::: Data shown :::

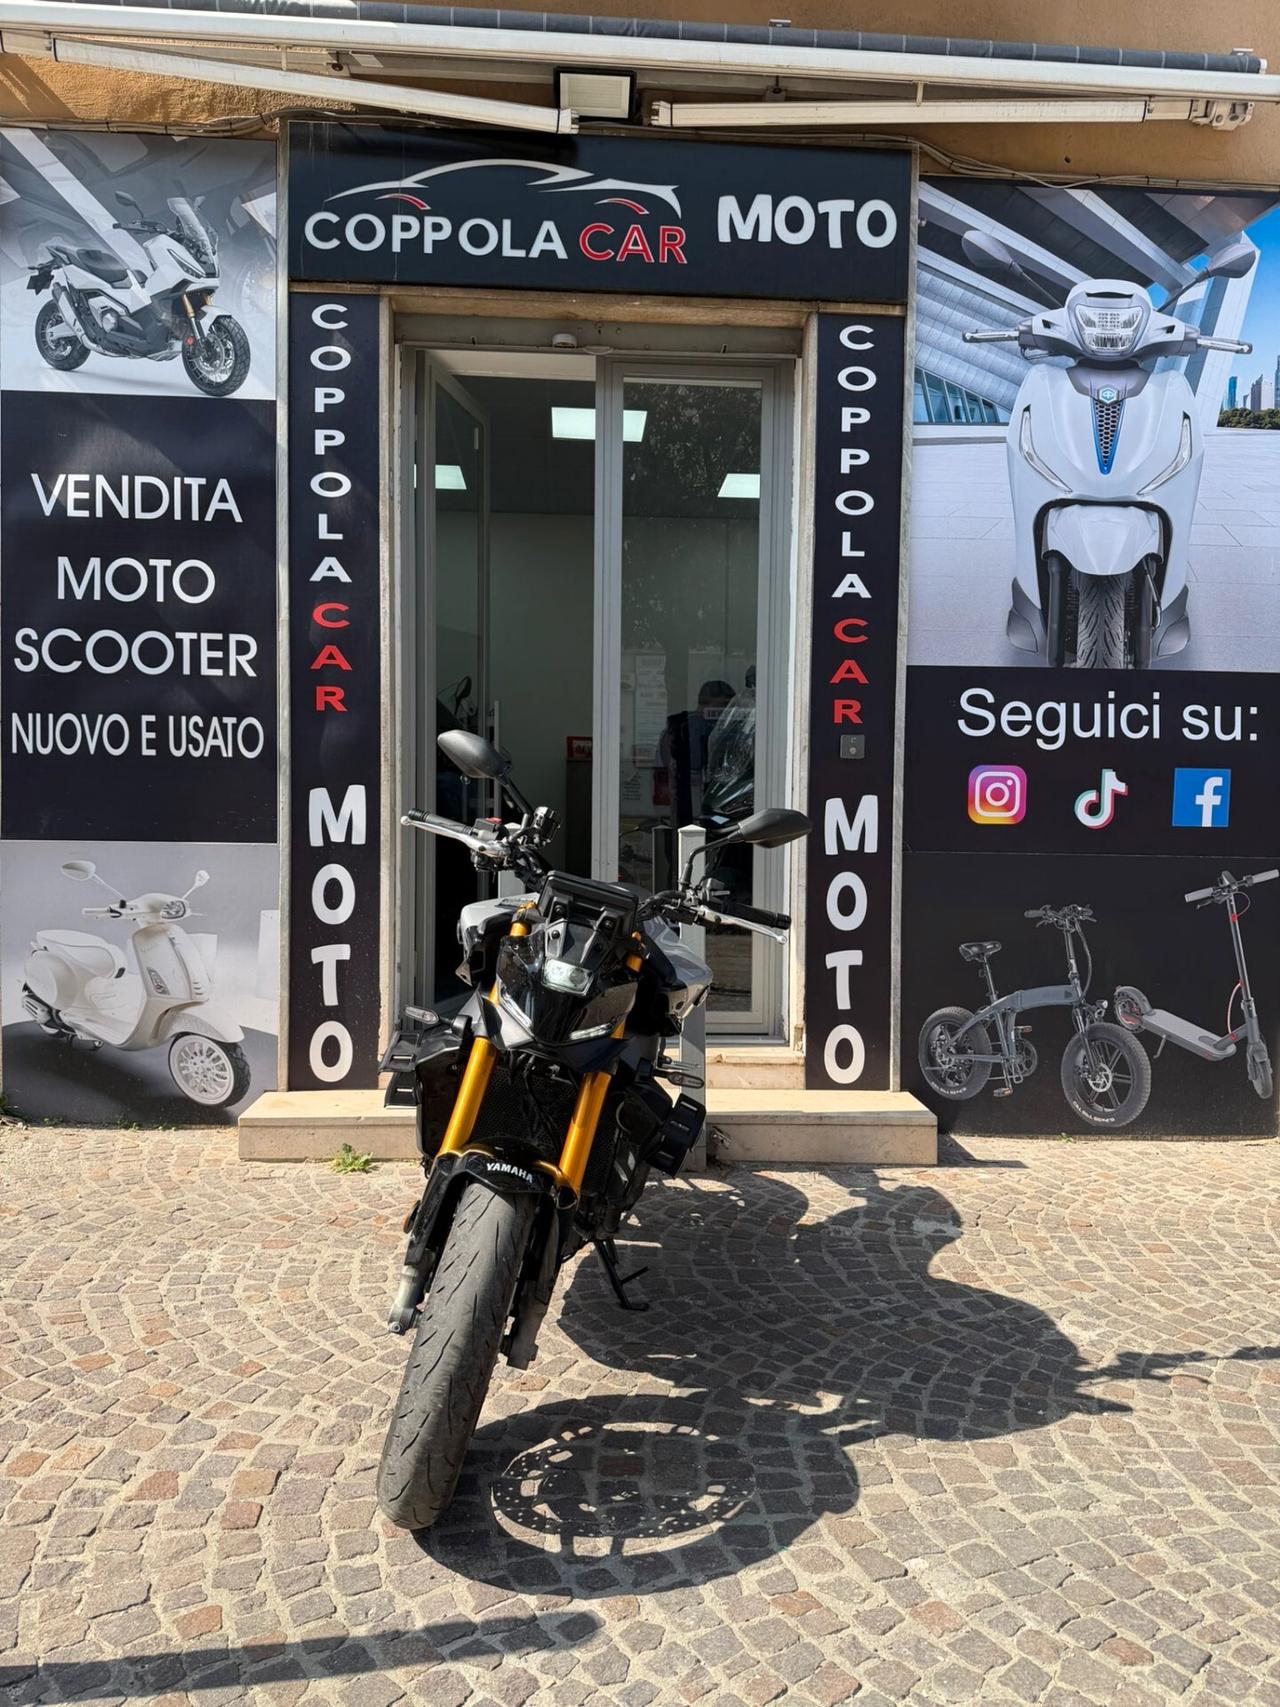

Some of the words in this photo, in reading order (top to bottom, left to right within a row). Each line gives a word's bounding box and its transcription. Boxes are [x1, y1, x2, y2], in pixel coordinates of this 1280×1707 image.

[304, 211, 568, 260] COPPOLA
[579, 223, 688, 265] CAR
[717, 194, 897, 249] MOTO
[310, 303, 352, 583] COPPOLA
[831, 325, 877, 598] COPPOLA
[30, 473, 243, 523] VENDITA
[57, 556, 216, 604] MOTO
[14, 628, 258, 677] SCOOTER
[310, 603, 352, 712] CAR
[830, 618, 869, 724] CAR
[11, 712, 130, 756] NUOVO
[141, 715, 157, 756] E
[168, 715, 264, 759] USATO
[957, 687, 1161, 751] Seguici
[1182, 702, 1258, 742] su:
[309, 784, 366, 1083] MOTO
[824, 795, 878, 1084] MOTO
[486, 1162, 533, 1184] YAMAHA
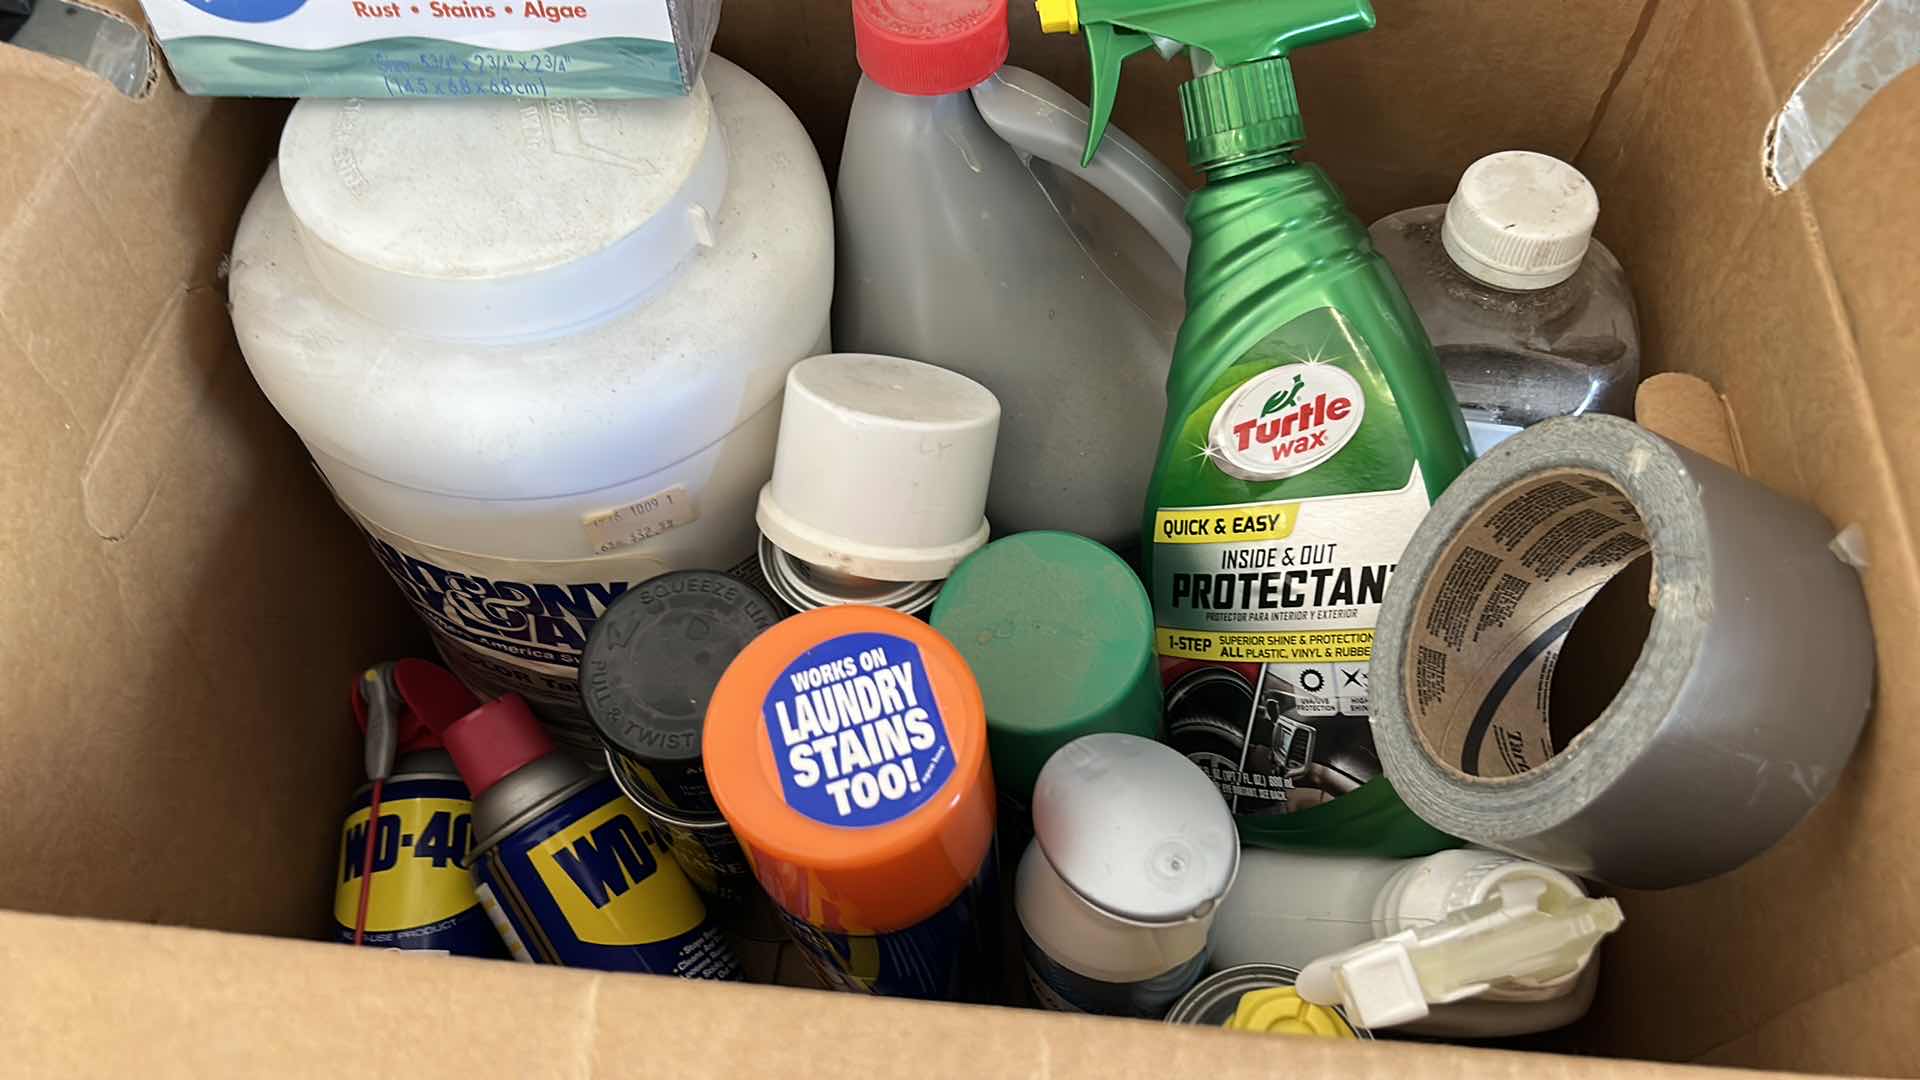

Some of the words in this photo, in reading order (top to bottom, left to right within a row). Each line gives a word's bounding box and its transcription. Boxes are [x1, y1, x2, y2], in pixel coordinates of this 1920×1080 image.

:::

Every line of the material must be returned exactly; leave the images out.

Some of the words in this photo, in reading order (top to bottom, left to right within a row). Each line gives a word's bounding box and its transcription. Boxes are [x1, y1, x2, y2], in pixel coordinates of this 1280×1707 image.

[304, 211, 568, 260] COPPOLA
[579, 223, 688, 265] CAR
[717, 194, 897, 249] MOTO
[310, 303, 352, 583] COPPOLA
[831, 325, 877, 598] COPPOLA
[30, 473, 243, 523] VENDITA
[57, 556, 216, 604] MOTO
[14, 628, 258, 677] SCOOTER
[310, 603, 352, 712] CAR
[830, 618, 869, 724] CAR
[11, 712, 130, 756] NUOVO
[141, 715, 157, 756] E
[168, 715, 264, 759] USATO
[957, 687, 1161, 751] Seguici
[1182, 702, 1258, 742] su:
[309, 784, 366, 1083] MOTO
[824, 795, 878, 1084] MOTO
[486, 1162, 533, 1184] YAMAHA

Some of the words in this photo, in reading order (top to bottom, left to right within a row). Each line gives a word's bounding box and its transcription. Boxes are [x1, y1, x2, y2], in pixel coordinates of this 1920×1080 image.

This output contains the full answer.